As the Taliban patrol the streets of Kabul, the city has remained quiet. However, many people are still afraid after jails and armories were emptied during the rebels’ march throughout the nation.

It’s unclear whether the shooters were Taliban or criminals dressed as militants, but residents say groups of armed men went door-to-door searching for former government and security officials. After the police had dissolved, Mujahid said the Taliban had invaded Kabul to restore law and order.

She said she was hiding away at a relative’s house, unable to come home, much alone work. She and other women, she says, do not think the Taliban have altered their methods. She talked on the condition of anonymity because she was concerned about her safety.

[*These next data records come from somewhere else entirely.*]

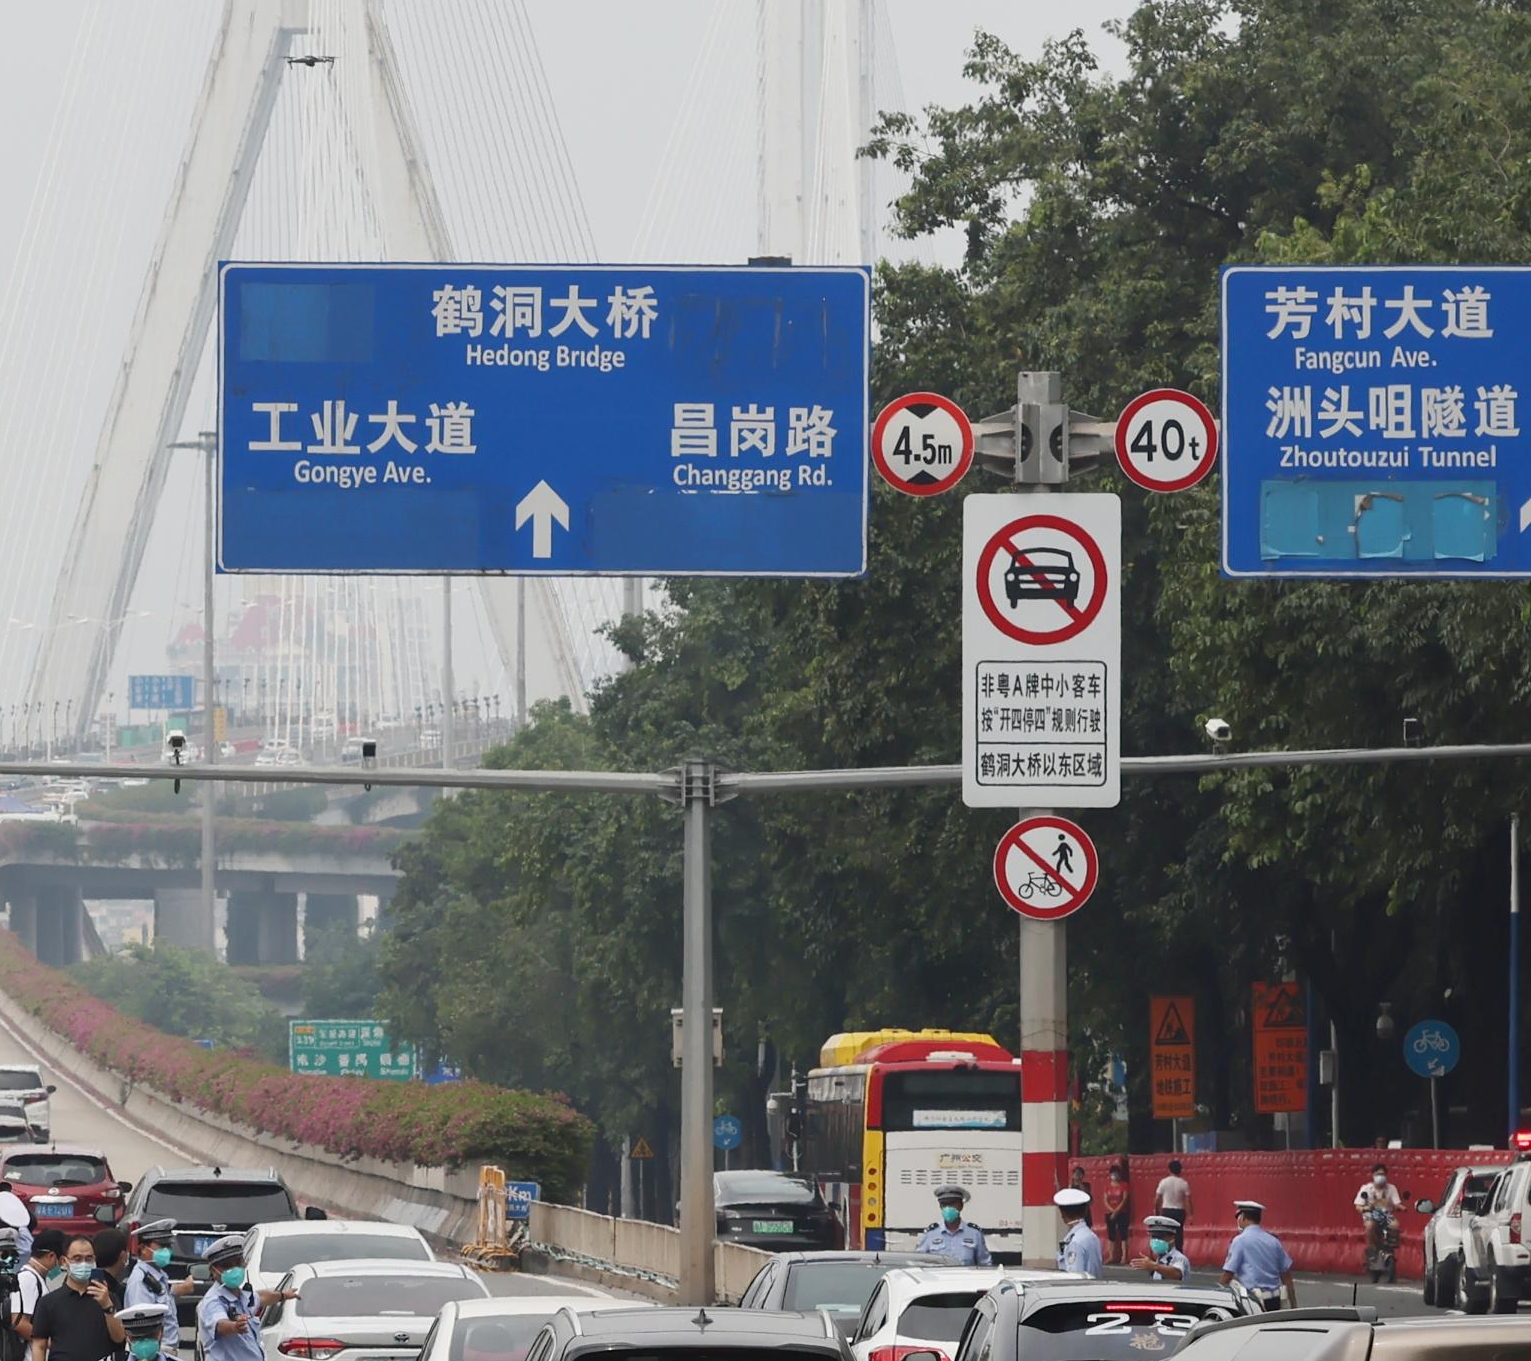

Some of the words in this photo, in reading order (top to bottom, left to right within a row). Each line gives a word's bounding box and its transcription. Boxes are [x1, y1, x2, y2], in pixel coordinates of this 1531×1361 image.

[432, 285, 659, 339] 鹤洞大桥
[1265, 286, 1494, 340] 芳村大道
[465, 345, 551, 371] Hedong
[556, 345, 626, 371] Bridge
[1294, 346, 1382, 374] Fangcun
[1391, 346, 1438, 369] Ave.
[248, 401, 477, 455] 工业大道
[1265, 384, 1521, 439] 洲头咀隧道
[670, 402, 837, 459] 昌岗路
[892, 426, 952, 465] 4.5m
[1130, 419, 1200, 462] 40t
[1279, 446, 1410, 469] Zhoutouzui
[1419, 446, 1498, 469] Tunnel
[294, 461, 380, 489] Gongye
[383, 461, 432, 484] Ave.
[673, 464, 790, 491] Changgang
[797, 464, 833, 487] Rd.
[980, 673, 1101, 699] 非粤A牌中小客车
[979, 751, 1103, 779] 鹤洞大桥以东区域
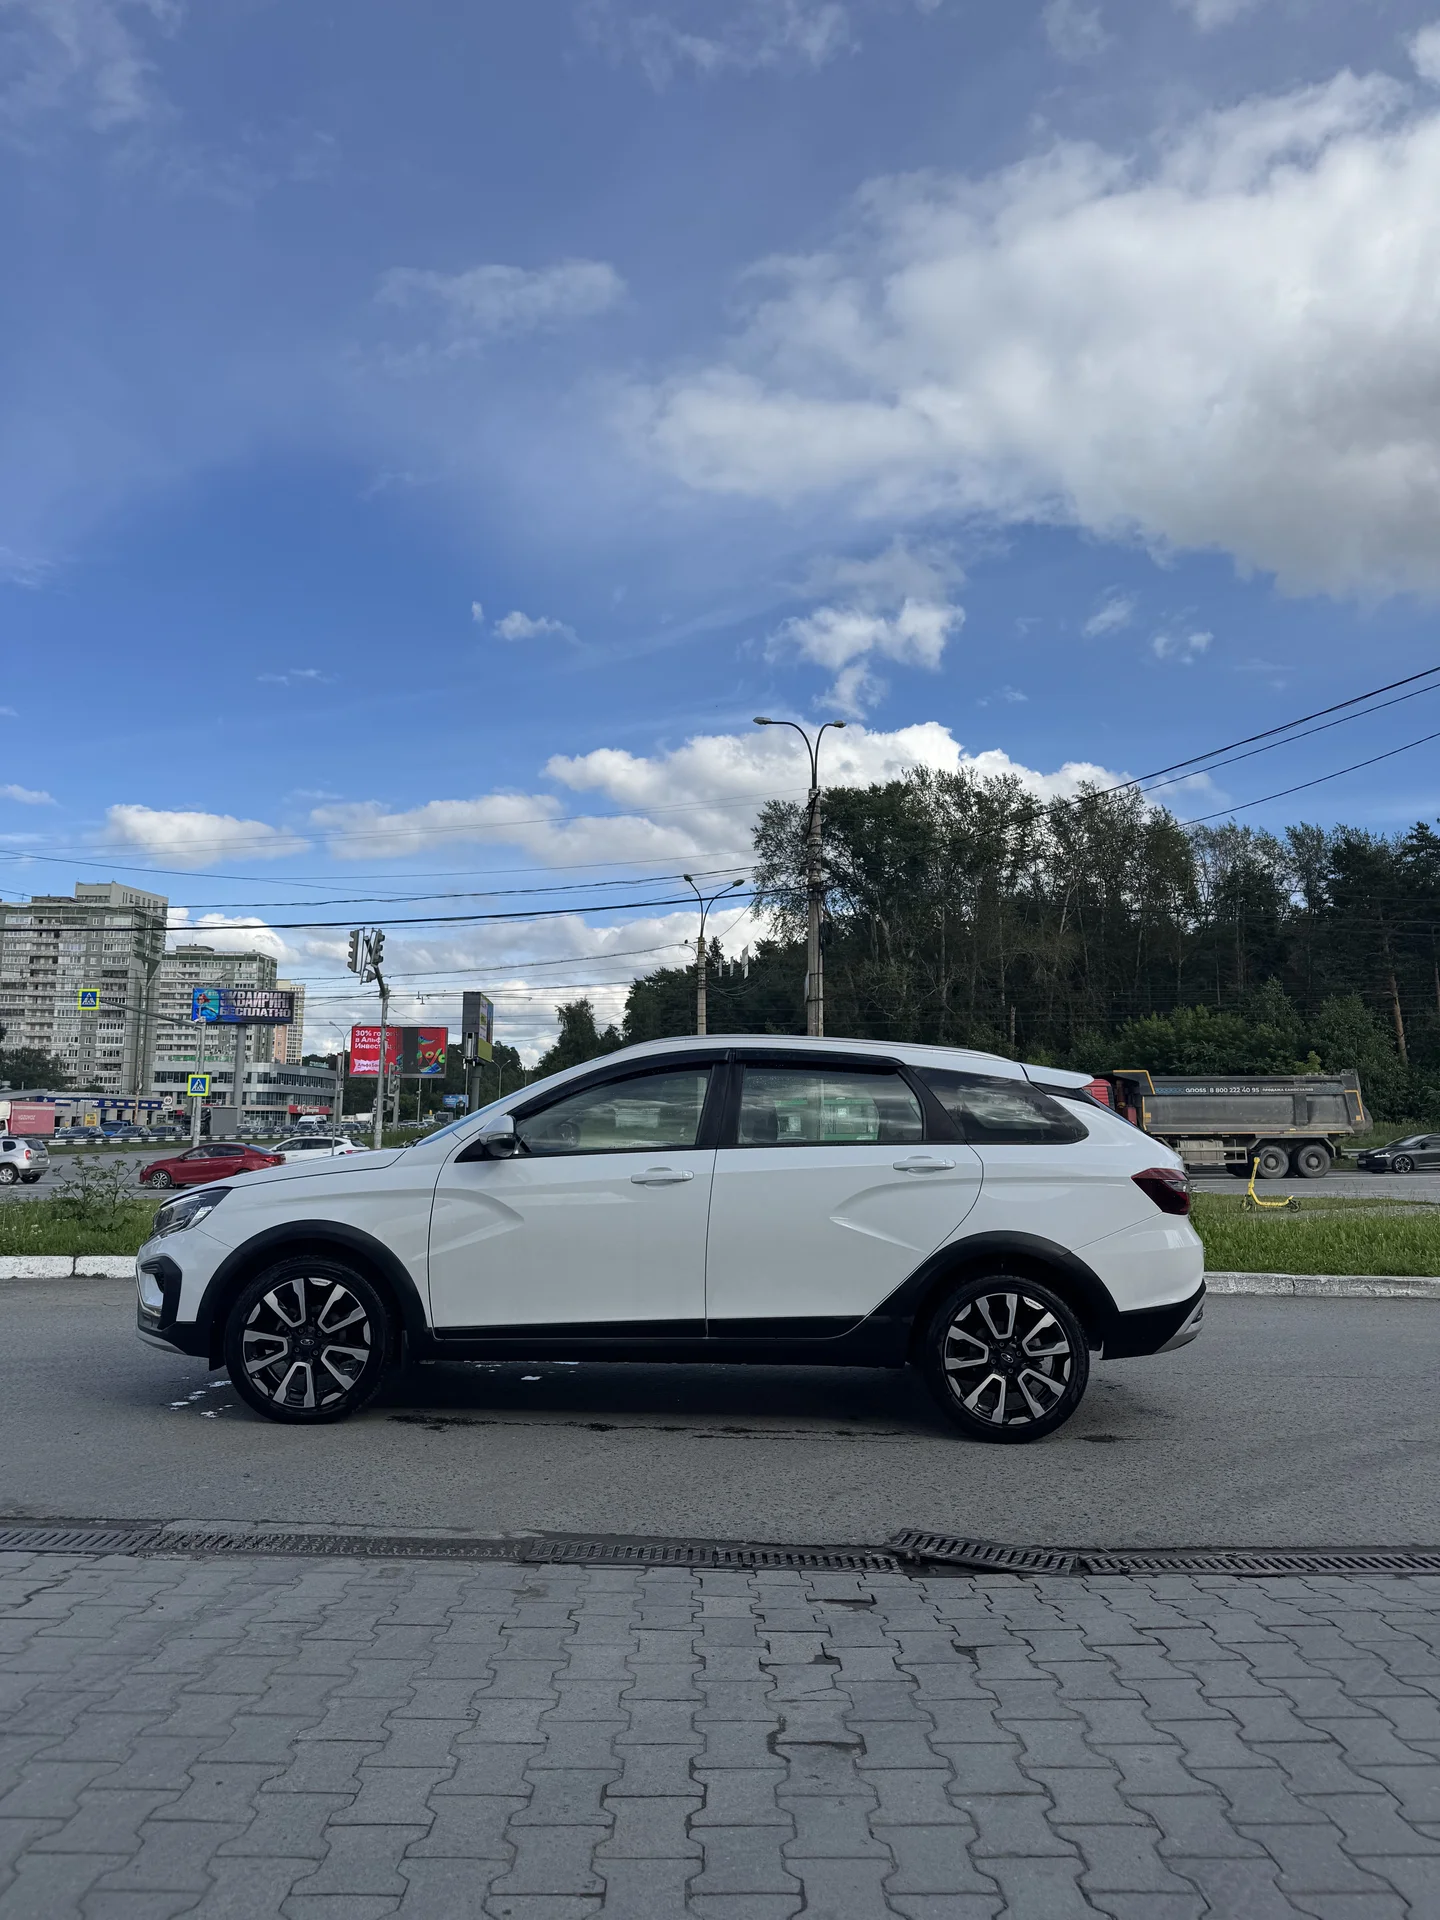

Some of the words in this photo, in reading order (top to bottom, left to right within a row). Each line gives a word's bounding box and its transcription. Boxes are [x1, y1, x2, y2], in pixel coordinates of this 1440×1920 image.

Afghan women wearing Islamic headscarves demonstrated briefly in Kabul, urging the Taliban not to “remove women from public life,”

A UN Human Rights spokesperson emphasized the Taliban’s promises and ordinary Afghan fears.

“Such promises must be maintained, and for now, given recent events, they are being viewed with skepticism,” he said.

Whatever their true intentions, the Taliban want to seem moderate to avoid the world community isolating their government as it did in the 1990s.

So long as the political situation improves, the EU indicated it would consider boosting humanitarian assistance to Afghanistan.

According to EU Foreign Policy Chief Josep Borrell, the Taliban must respect U.N. 1.2 billion euros ($1.4 billion) in development funds put aside until 2024.

Foreign Secretary Dominic Raab said that Britain might give up to 10% extra humanitarian assistance. It will be reformed to concentrate on development and humanitarian needs, not security, he added.

Evacuation flights began after being halted on Monday due to the influx of thousands of people at the airport. In horrific video footage, several clung to an aircraft as it lifted off, only to fall to their deaths. According to US authorities, at least seven individuals were killed in the airport mayhem.

The Taliban stormed the civilian side of the airport on Tuesday and shot into the air, displacing about 500 people, an Afghan official said on condition of anonymity.

Rather than preventing individuals from leaving, the Taliban seemed to be attempting to manage the throng. A video that circulated on the internet showed the Taliban overseeing the orderly departure of dozens of Westerners.

The US Embassy in Kabul has advised Americans to register for evacuation online but not to report to the airport until summoned.

Due to the chaos, the first German military transport plane landed in Kabul but only had seven soldiers on board. Another group of 125 individuals departed afterward.

Afghanistan’s Western-backed government and security forces were blamed for the quick Taliban takeover, according to US President Joe Biden. But NATO Secretary-General Jens Stoltenberg said that the alliance must examine its efforts to train the Afghan troops.

The Taliban and Afghan authorities, including former President Hamid Karzai and former negotiating council leader Abdullah Abdullah, began talks on Tuesday. The Taliban have stated their desire to establish an “inclusive, Islamic government.”

The talks focused on how a Taliban-dominated government might work in Afghanistan given the developments in the last two decades, officials familiar with the talks said on condition of anonymity.

On Tuesday night, a top Taliban leader from Qatar arrived in Kandahar, perhaps suggesting a deal is close.

Meanwhile, the deposed government’s vice president declared that he was the country’s “legitimate” caretaker president. Amrullah Saleh said that he should be in control under the constitution since President Ashraf Ghani had left the country.

Faiez contributed reporting from Istanbul, Gannon from Guelph, Ontario, and Krauss from Jerusalem. Tameem Akhgar in Istanbul, Jon Gambrell in Dubai, Kirsten Grieshaber in Berlin, Jan M. Olsen in Copenhagen, Denmark, Pan Pylas in London, and Aya Batrawy in Dubai.